Non è un compito semplice parlare di Macchine come me, romanzo in cui l’autore britannico McEwan costruisce una storia ambientata in un passato/futuro distopico datato 1982. È l’anno in cui il Regno Unito è impegnato nella guerra delle Falkland, Alan Turing, padre dell’informatica, è ancora vivo, così come lo è Kennedy il cui attentato è fallito.
“Secondo me gli Adam ed Eve non erano attrezzati per capire i processi decisionali umani, il modo in cui i nostri principi vengono distorti dal campo di forze di emozioni, pregiudizi, autoinganni e di tutti i sistematici errori delle nostre funzioni cognitive. In poco tempo, questi Adam e queste Eve si ritrovavano senza speranza. Non riuscivano a capirci, perché noi stessi non ci capiamo. I loro programmi di apprendimento non erano in grado di contemplarci.
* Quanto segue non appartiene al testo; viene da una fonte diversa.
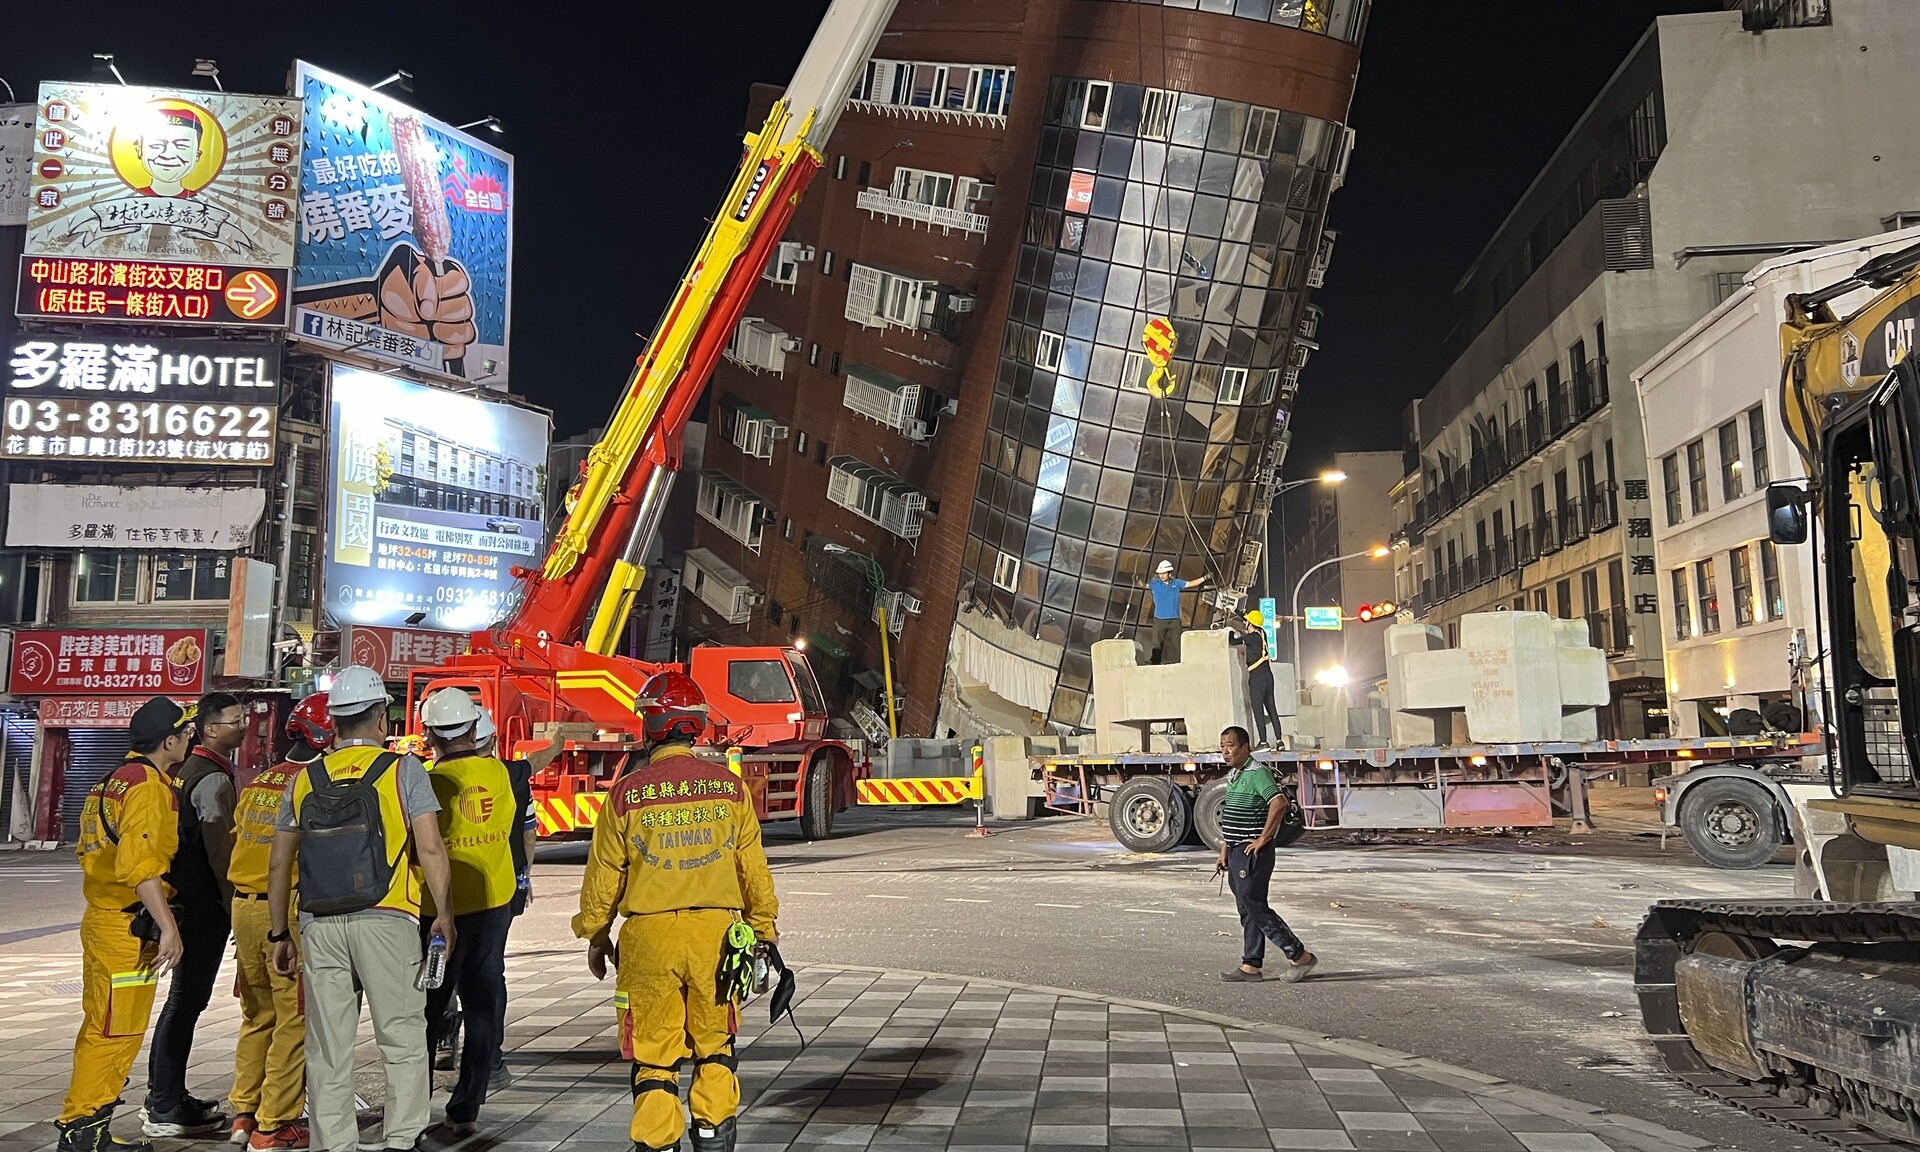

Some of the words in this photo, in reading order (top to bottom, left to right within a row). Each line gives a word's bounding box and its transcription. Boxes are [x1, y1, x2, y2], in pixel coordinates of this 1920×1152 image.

Non conoscendo la nostra mente, come avremmo potuto progettare la loro e aspettare di vederli felici al nostro fianco? “.
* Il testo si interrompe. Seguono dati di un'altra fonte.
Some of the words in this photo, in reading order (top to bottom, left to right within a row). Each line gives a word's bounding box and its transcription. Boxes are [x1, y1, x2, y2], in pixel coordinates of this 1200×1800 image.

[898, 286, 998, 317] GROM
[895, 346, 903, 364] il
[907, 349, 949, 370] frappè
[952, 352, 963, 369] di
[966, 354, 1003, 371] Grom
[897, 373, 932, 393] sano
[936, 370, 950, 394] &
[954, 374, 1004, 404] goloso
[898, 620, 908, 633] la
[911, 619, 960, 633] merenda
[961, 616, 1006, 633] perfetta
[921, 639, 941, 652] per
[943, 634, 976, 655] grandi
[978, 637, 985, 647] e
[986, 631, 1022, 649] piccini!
Macchine come me è un libro che mi ha affascinato molto, perché si interroga sulle imperfezioni degli esseri umani, ben rappresentate da Charlie e Miranda, la cui storia per inciso ho trovato piuttosto magnetica, e sul ruolo che le macchine potranno avere in un futuro lontano. Ed è una riflessione importante, che si basa sul tipo di coesistenza che potrebbe instaurarsi tra degli automi progettati per applicare freddamente delle precise e corrette norme comportamentali e l’uomo, la cui vita è invece governata dalle imperfezioni legate alla intrinseca natura di un essere composto non da microchip e bulloni ma da pelle e sangue che scorre nelle vene.
“Macchine come me” di Ian McEwan, edizioni Einaudi. Libri in Pillole.